In modern semiconductor applications, populously packed transistors occupy a single wafer. To operate, the individual transistor components require electrical isolation. As such, many individuals, corporations and businesses have developed and continually strive for new techniques to achieve isolation. One popular recent technique, known as trench isolation, forms trenches or openings between adjacent components.
Commonly, depending upon application, trench isolation falls into one of three processing categories: shallow (or shallow trench isolation, STI), with trenches less than about one micron deep; moderate, with trenches from about one to about three microns; and deep, with trenches greater than about three microns.
In a typical trench isolation process to form a standard isolation structure, a wafer is provided with successively deposited dielectric layers thereon, usually a pad oxide and a nitride layer. The dielectrics are etched first and then the wafer. This results in a trench. A liner oxide for the trench is grown and the trench is oxide filled, usually by chemical vapor deposition (CVD). The oxide may be annealed and the entire structure is planarized, usually by chemical mechanical polishing (CMP). Then, the dielectric layers are removed by wet etch and a thin, sacrificial layer of oxide is grown to anneal wafer surface damage. This is followed by another wet etch. The gate oxide is grown, poly deposited and gate patterned.

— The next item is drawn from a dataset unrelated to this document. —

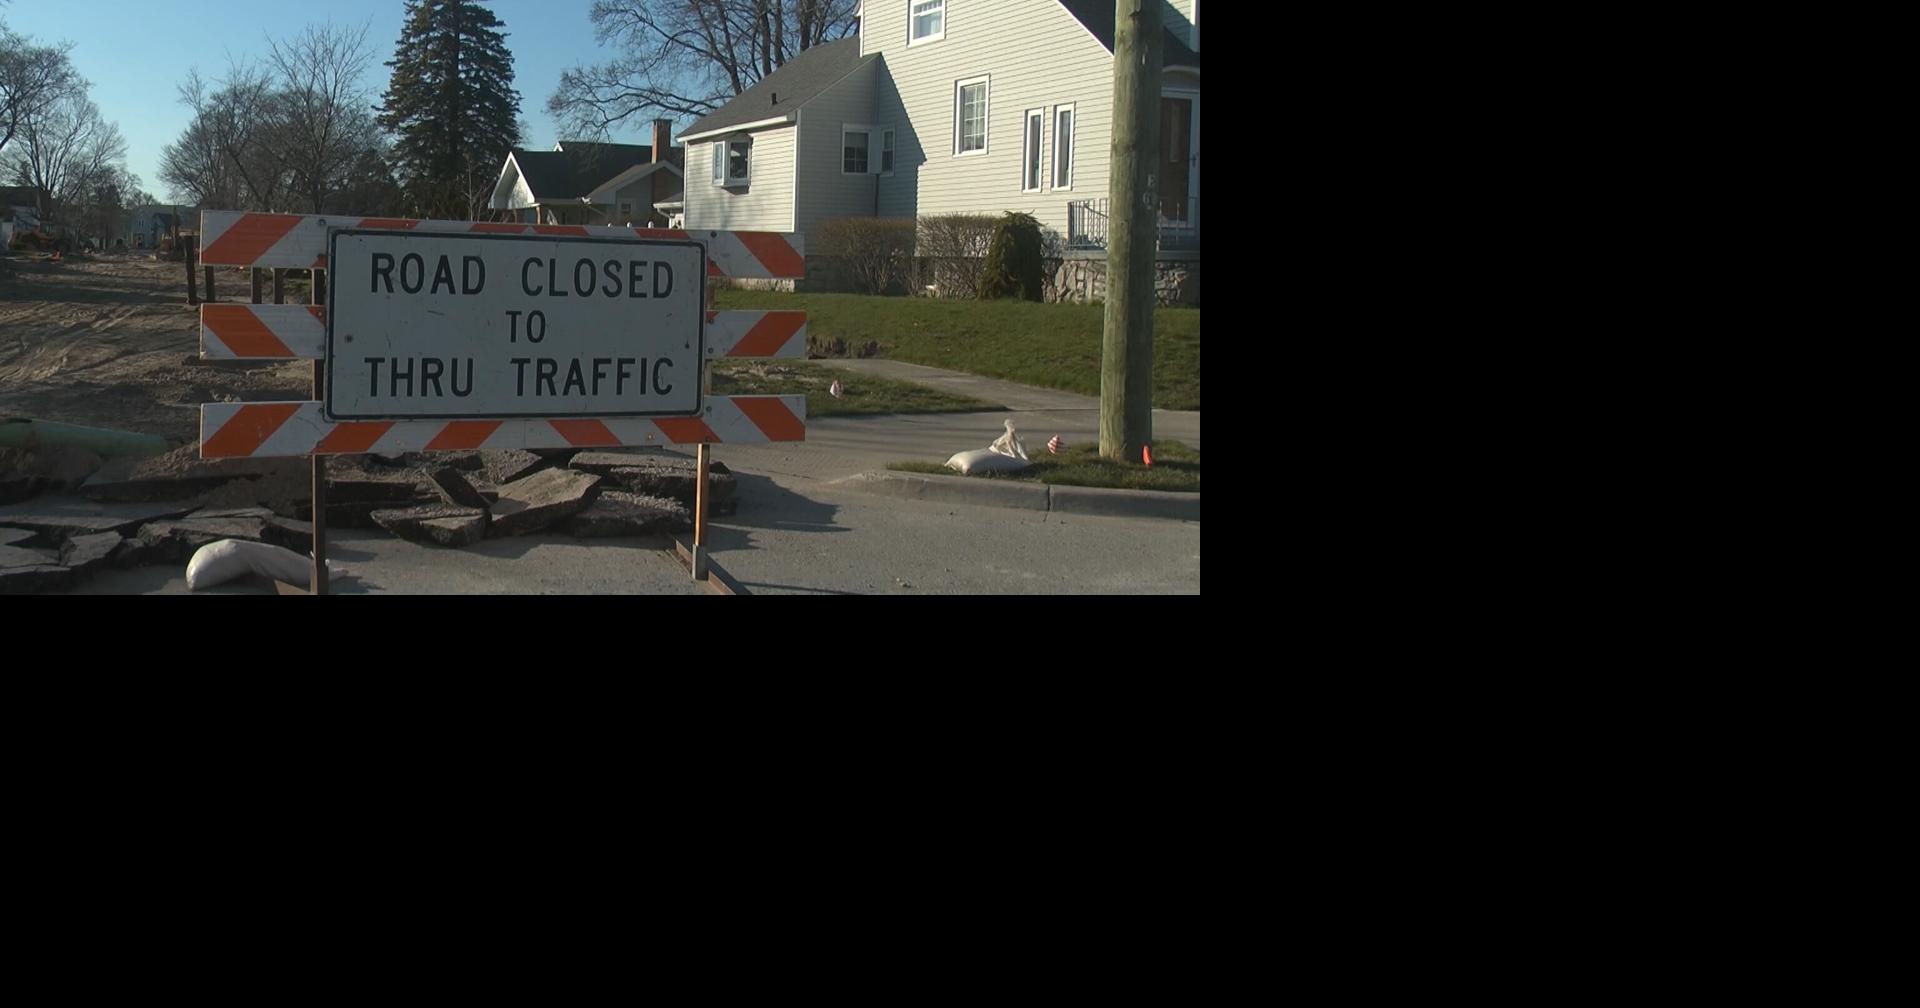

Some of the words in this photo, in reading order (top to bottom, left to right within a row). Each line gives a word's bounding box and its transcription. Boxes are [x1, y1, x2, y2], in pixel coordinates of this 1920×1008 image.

Until recently, however, the foregoing techniques were sufficient for many applications. But with a device such as a dynamic random access memory (DRAM) array with sub-quarter micron dimensions requiring multitudes of highly-densely integrated, extremely low power transistors, even the slightest amount of transistor leakage may cause retention time failures in memory cells. As such, the state of the art, especially DRAM's, demand more robust isolation structures that completely prevent or greatly reduce undesirable transistor leakage.